Publié le 06.07.2021

Les décisions concernant la réanimation et leurs conséquences représentent une lourde charge pour toutes les personnes impliquées. En soutien au personnel de la santé, l’Académie Suisse des Sciences Médicales (ASSM) a publié en 2008 des directives médico-éthiques à ce sujet, qui ont été récemment révisées. Les directives actualisées sont disponibles en français, allemand, italien et anglais.
Pour l’actualisation des directives de 2008 [1], la sous-­commission [2] instaurée par la Commission Centrale d’Ethique de l’ASSM et dirigée par le Prof. Reto Stocker de Zurich a tenu compte des connaissances scientifiques actuelles concernant les critères de pronostic et les résultats des mesures de réanimation. Elle a abordé les nouveaux développements tels que, par exemple, la réanimation extracorporelle et le concept de la planification anticipée concernant la santé, auquel les directives accordent une grande importance. Le projet de texte était en consultation du 11 décembre 2020 au 11 mars 2021.
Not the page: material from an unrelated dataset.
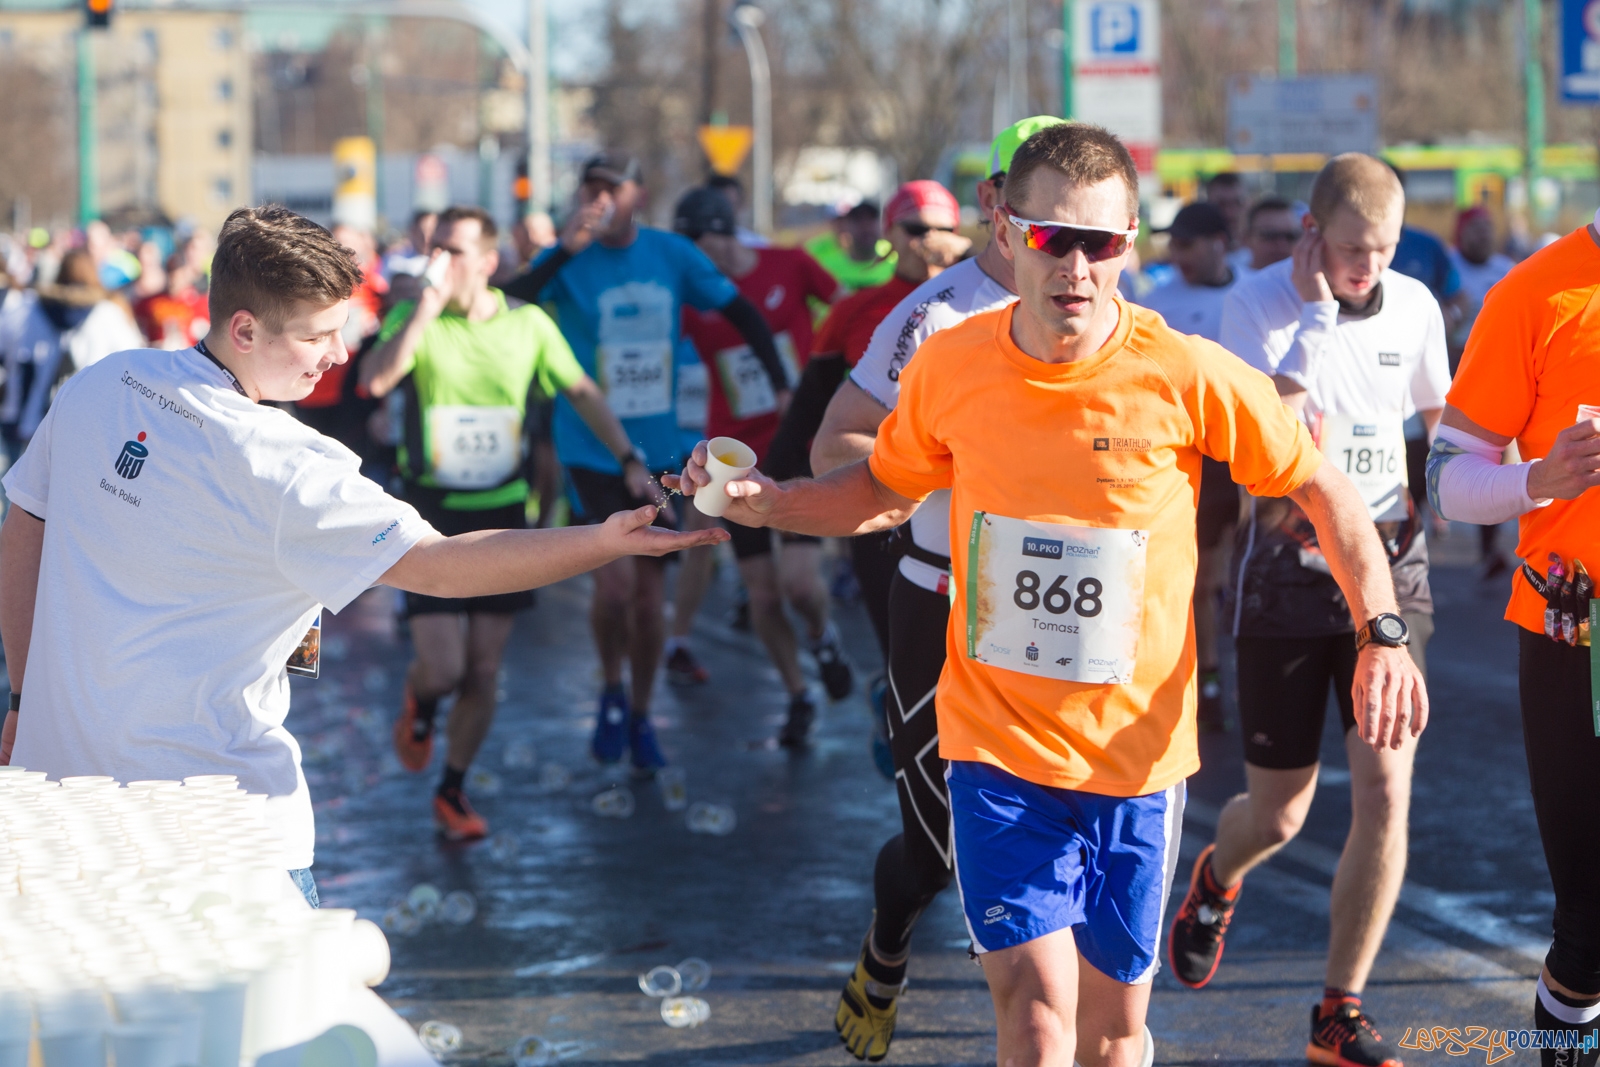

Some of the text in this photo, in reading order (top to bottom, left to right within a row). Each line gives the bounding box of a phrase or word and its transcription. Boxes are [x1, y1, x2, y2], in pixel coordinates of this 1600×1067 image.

Résultats de la consultation publique

Les 54 prises de position parvenues à l’ASSM pendant la période de consultation proviennent de nombreuses sociétés de discipline ainsi que de divers organismes professionnels, organisations et associations: la FMH, neuf sociétés de discipline, dont la Société Suisse de Médecine Intensive, la Société Suisse d’Anesthésie et Réanimation et la Société Suisse de Neurologie (SSN), le Swiss Resuscitation Council, l’Association suisse des infirmières et infirmiers (ASI), les Swiss Nurse Leaders, des hôpitaux et des cantons ainsi que l’Organisation suisse des patients OSP. Les retours ont été très positifs et portaient principalement sur des formulations et des demandes de précisions et des questions.
Le chapitre «Mesures de réanimation en vue d’une transplantation d’organes» a prêté à controverse. Celui-ci serait en contradiction avec l’attitude plus libérale vis-à-vis de la réanimation avant que la volonté du patient ou de la patiente ne soit connue et avec les directives pour le diagnostic de la mort en vue de la transplantation d’organes [3]. Dès lors, ce chapitre a été retiré dans la version définitive des directives révisées. L’ASSM suit les débats politiques actuels concernant l’introduction du modèle du consentement présumé [4] et approfondira ce thème lors de la prochaine révision des directives sur le diagnostic de la mort dans le contexte de la transplantation d’organes.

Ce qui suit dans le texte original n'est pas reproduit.